Among various knowledge sources, KGs offer structured, explicit,and editable representations of knowledge, presenting a complementary strategy to mitigate the limitations of LLMs. Thus, we first focus on the usage of KGs as external knowledge sources for LLMs and propose an algorithmic framework "Think-on-Graph" (meaning: LLMs "Think" along the reasoning paths "on" knowledge "graph" step-by-step, abbreviated as ToG (ICLR'24)). Using beam search, ToG allows LLM to dynamically explore a number of reasoning paths in KG and make decisions accordingly. Moreover, we also conduct a survey on the revolution of KGs and provide new perspective on the combination of LLMs and different types of KGs.
In the future, we will explore new approaches of knowledge-driven LLM reasoning that can incorporate different type of knowledge sources hybridly, as well as new KG types that can be easier to combined with LLMs than existing KGs. Besides, multi-modal LLMs (specifically for chart and table understanding), LLM agents for complex reasoning tasks are also our research interests.
Temporal Knowledge Graph (TKG) is structured as a multi-relational directed graph where each edge stands for an occurred fact. TKG consists of a large number of facts in the form of quadruple (subject entity, relation, object entity, timestamp) , or (s, r, o, t) for short, where entities (as nodes) are connected via relations with timestamps (as edges).
Many TKGs are human-created or automatically constructed from semi-structured and unstructured text, suffering the problem of incompleteness, i.e. many missing links among entities. This weakens the expressive ability of TKGs and restricts the range of TKG-based applications. To address this isse, we propose multiple TKG embedding model, including ATiSE (ISWC'2020 best student paper award nominee), TeRo (COLING'20), TeLM (NAACL'21), TRE (ECML'23) and TGeomE (TKDE), for predicting missing links on KGs by learning low-dimensional vector representations for entities, relations and timestamps. We also propose the first query embedding framework TFLEX (NeurIPS'23) which can model first-order logic and temporal logic in KG embedding spaces.

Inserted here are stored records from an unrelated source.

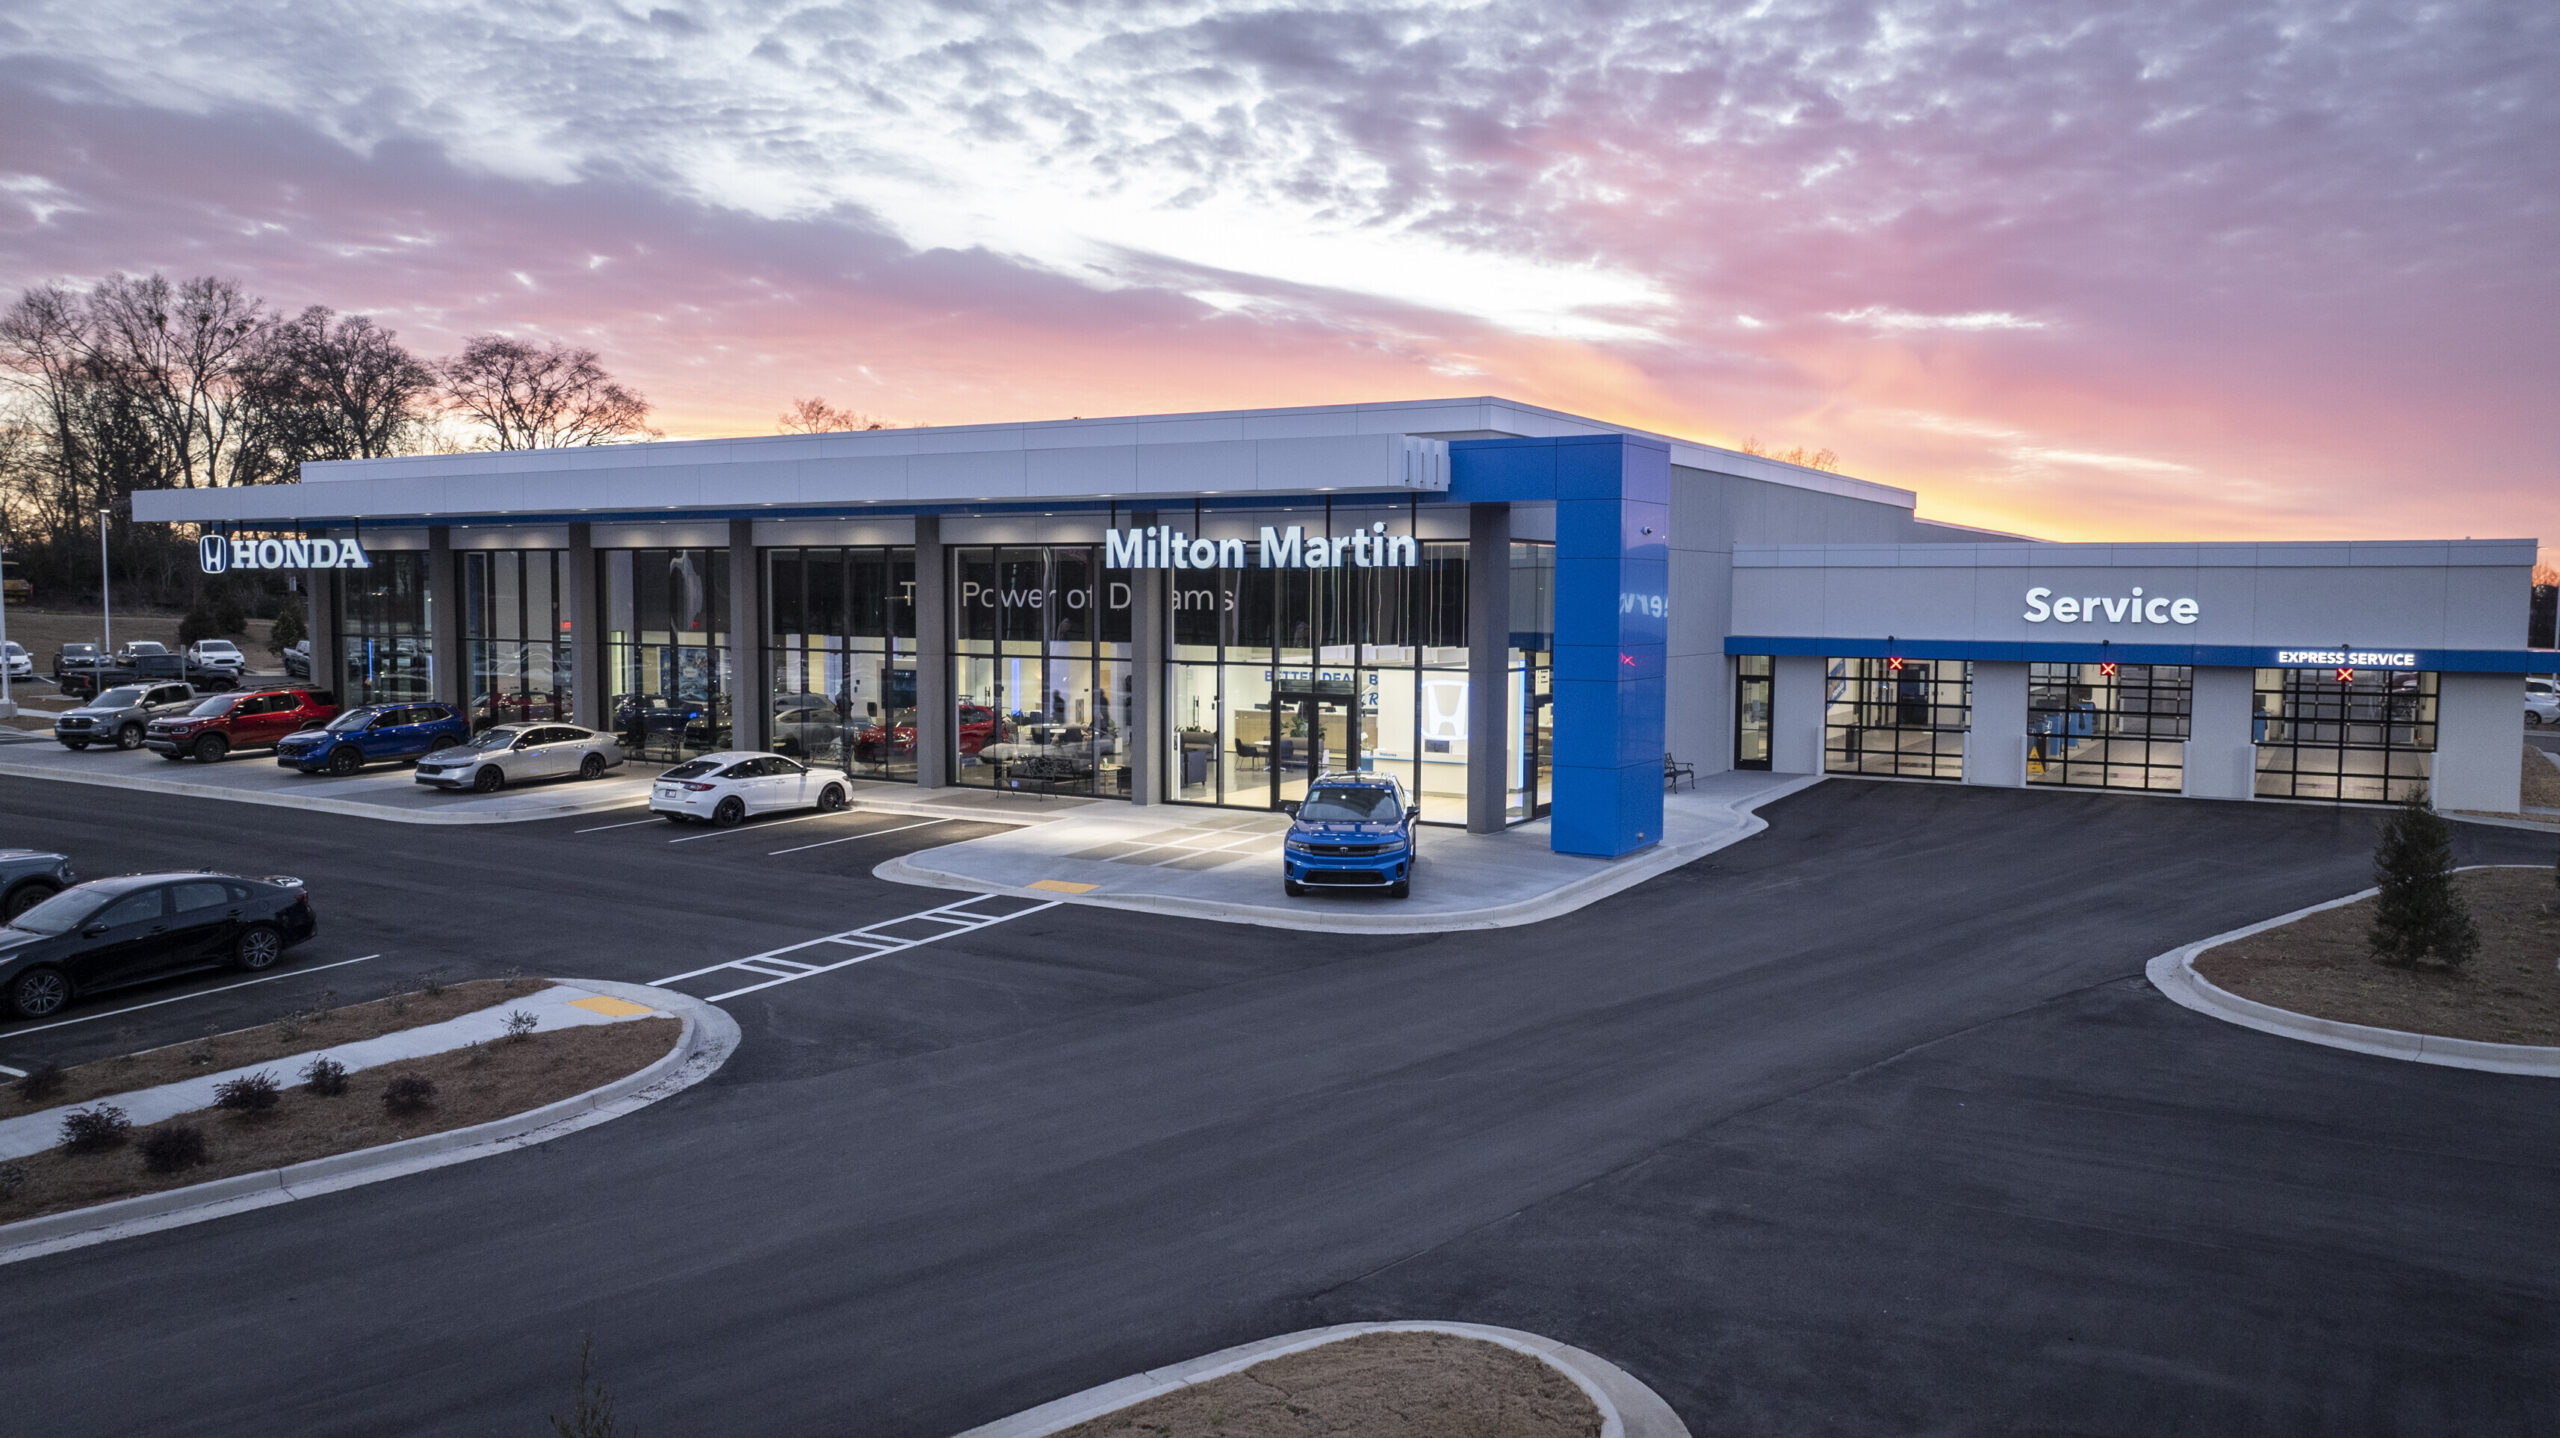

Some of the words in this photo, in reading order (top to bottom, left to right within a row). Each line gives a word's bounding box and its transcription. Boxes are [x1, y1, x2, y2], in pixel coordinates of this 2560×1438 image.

[230, 538, 371, 570] HONDA
[1105, 525, 1247, 569] Milton
[1260, 521, 1418, 568] Martin
[1109, 582, 1234, 611] Dams
[2023, 587, 2200, 625] Service
[2278, 651, 2346, 665] EXPRESS
[2348, 652, 2416, 666] SERVICE
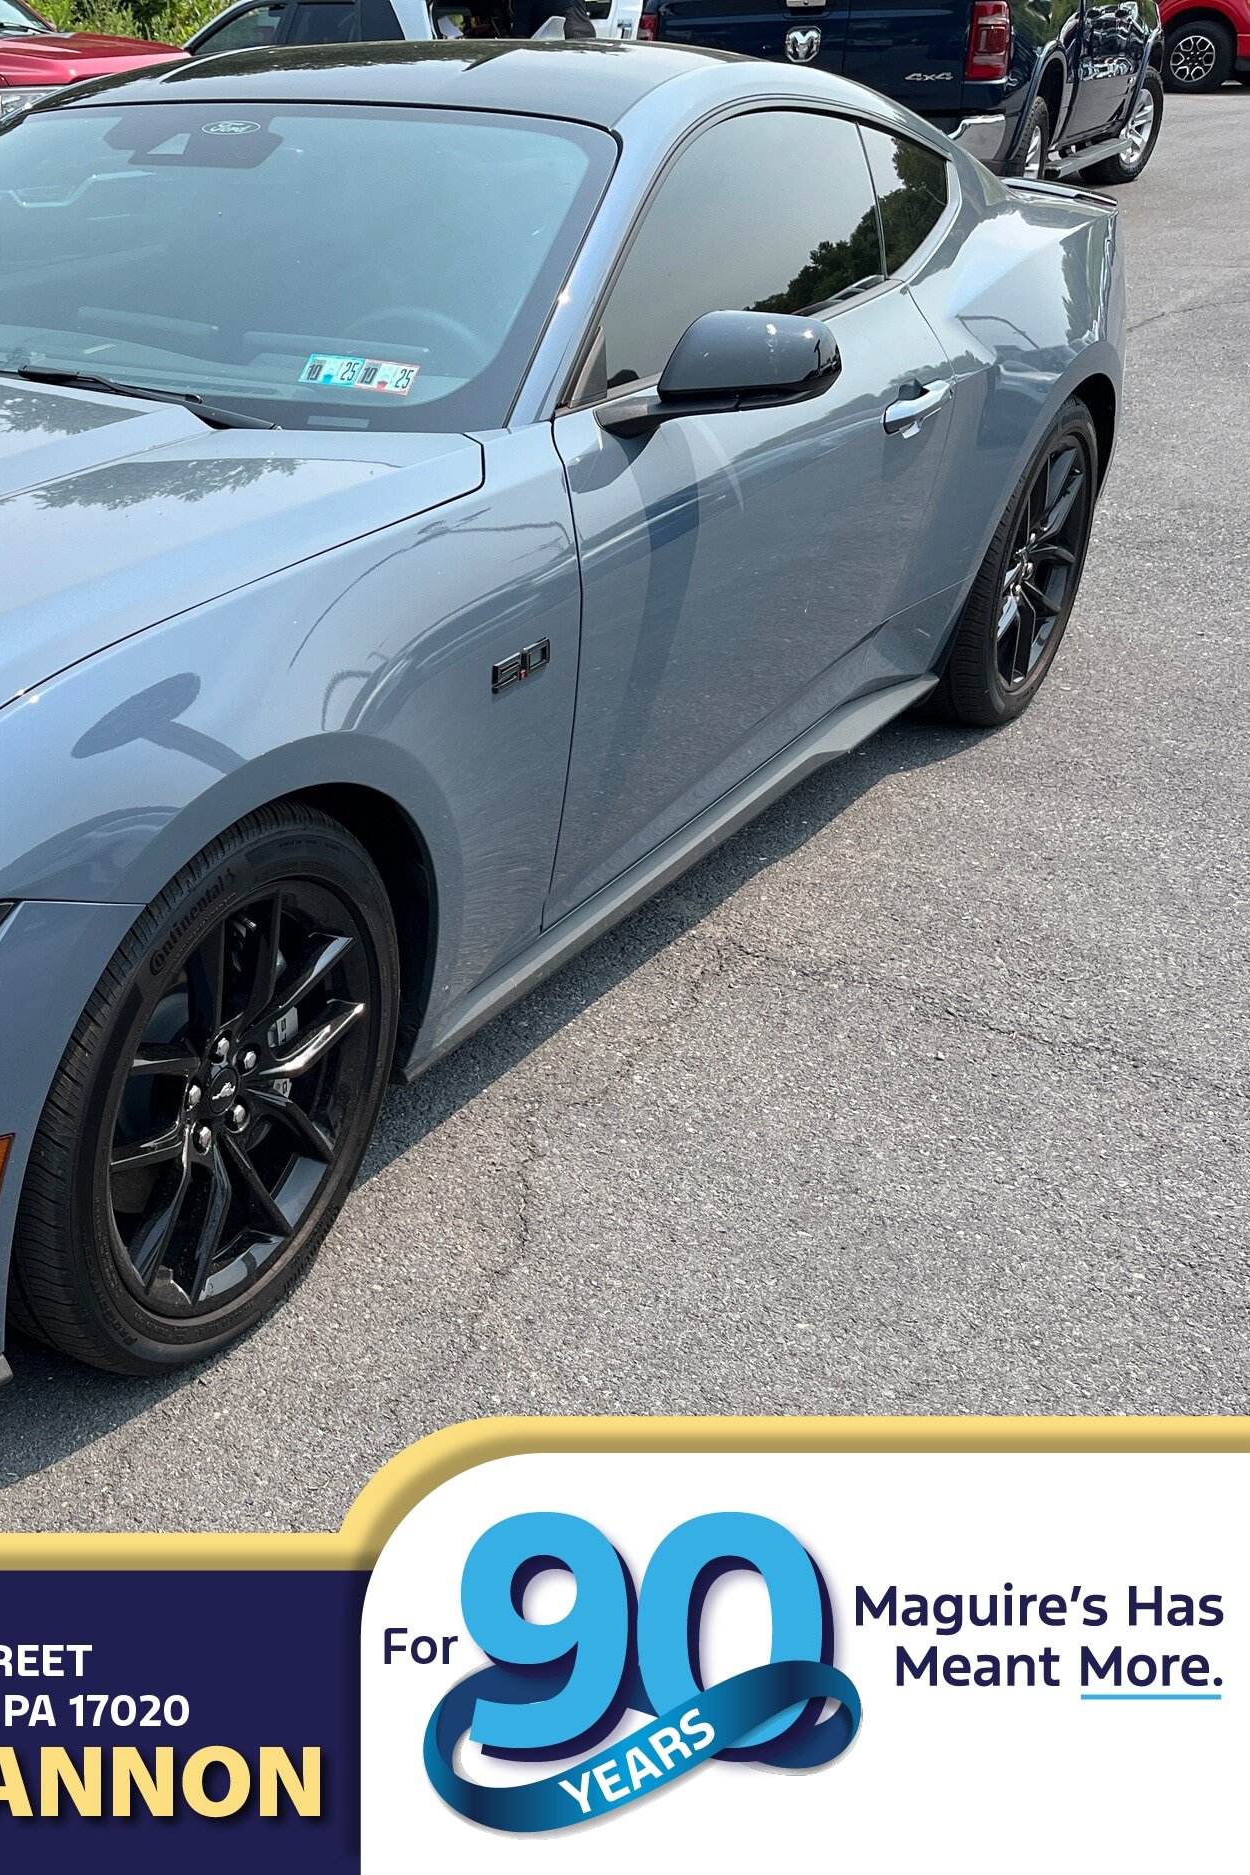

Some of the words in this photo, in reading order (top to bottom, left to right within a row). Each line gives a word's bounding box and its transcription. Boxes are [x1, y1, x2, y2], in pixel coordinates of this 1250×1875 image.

[905, 72, 954, 81] 4x4
[210, 121, 252, 133] Ford
[340, 361, 359, 381] 25
[394, 368, 414, 389] 25
[492, 637, 550, 694] 5.0
[149, 874, 227, 976] Continental
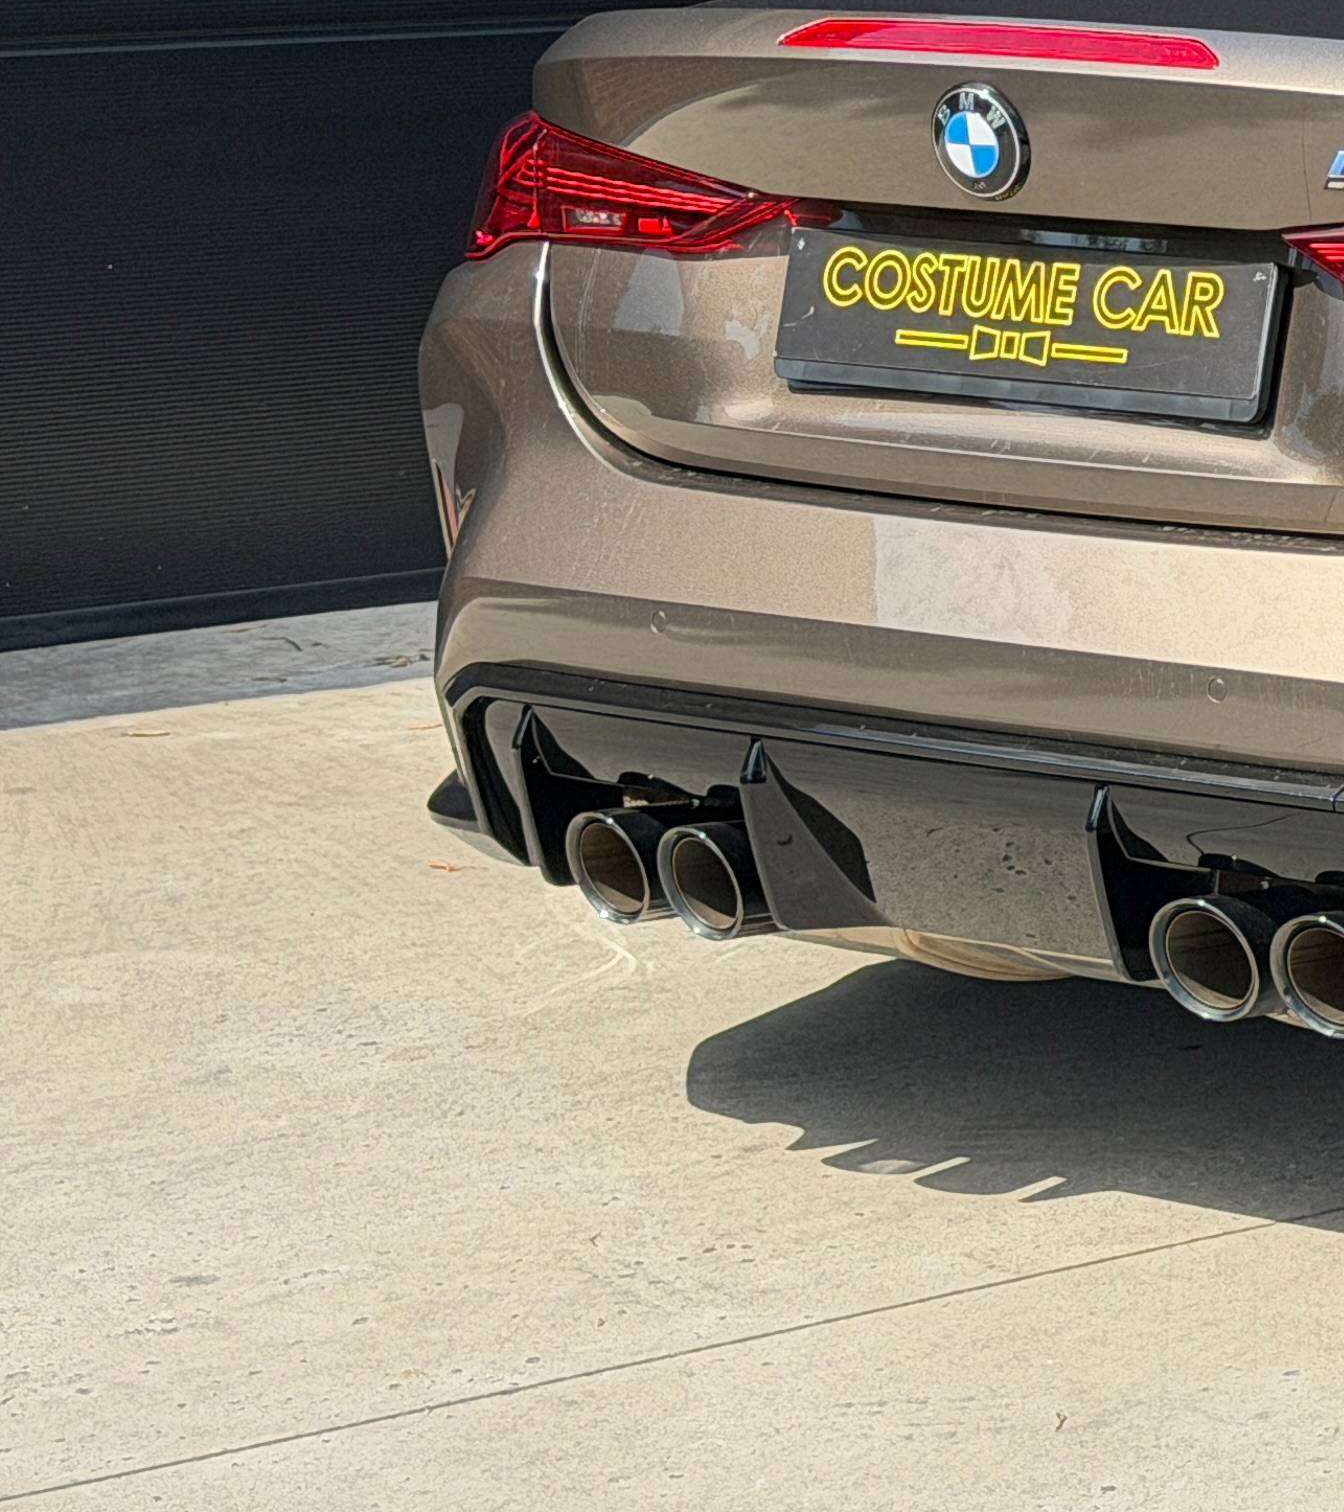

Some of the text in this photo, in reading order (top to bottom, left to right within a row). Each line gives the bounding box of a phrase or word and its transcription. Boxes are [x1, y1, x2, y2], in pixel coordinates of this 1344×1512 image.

Since knowledge of TKGs is ever-changing and the temporal information makes TKGs highly dynamic. In the real world scenario, the emergence of new entities/relations in the development process over time creates the need for TKG reasoning in the inductive setting, where entities/relations in training TKGs do not completely overlap entities/relations in testing KGs. Thus, we propose MTKGE (WWW'23) and SST-BERT (SIGIR'23) which both can effectively model new emerging entities for inductive TKG reasoning.
Besides TKG reasoning, TKG alignment, which aims to finding equivalent entities between TKGs, can also benefit the completeness of TKGs by fusing TKGs. In our work TEA-GNN (EMNLP'2021), the task of TKG alignment was introduced for the first time. Follow-up works include TREA (WWW'22) and Simple-HHEA (WWW'24). In these papers, we propose different approaches and datasets, carefully designed for TKG alignment.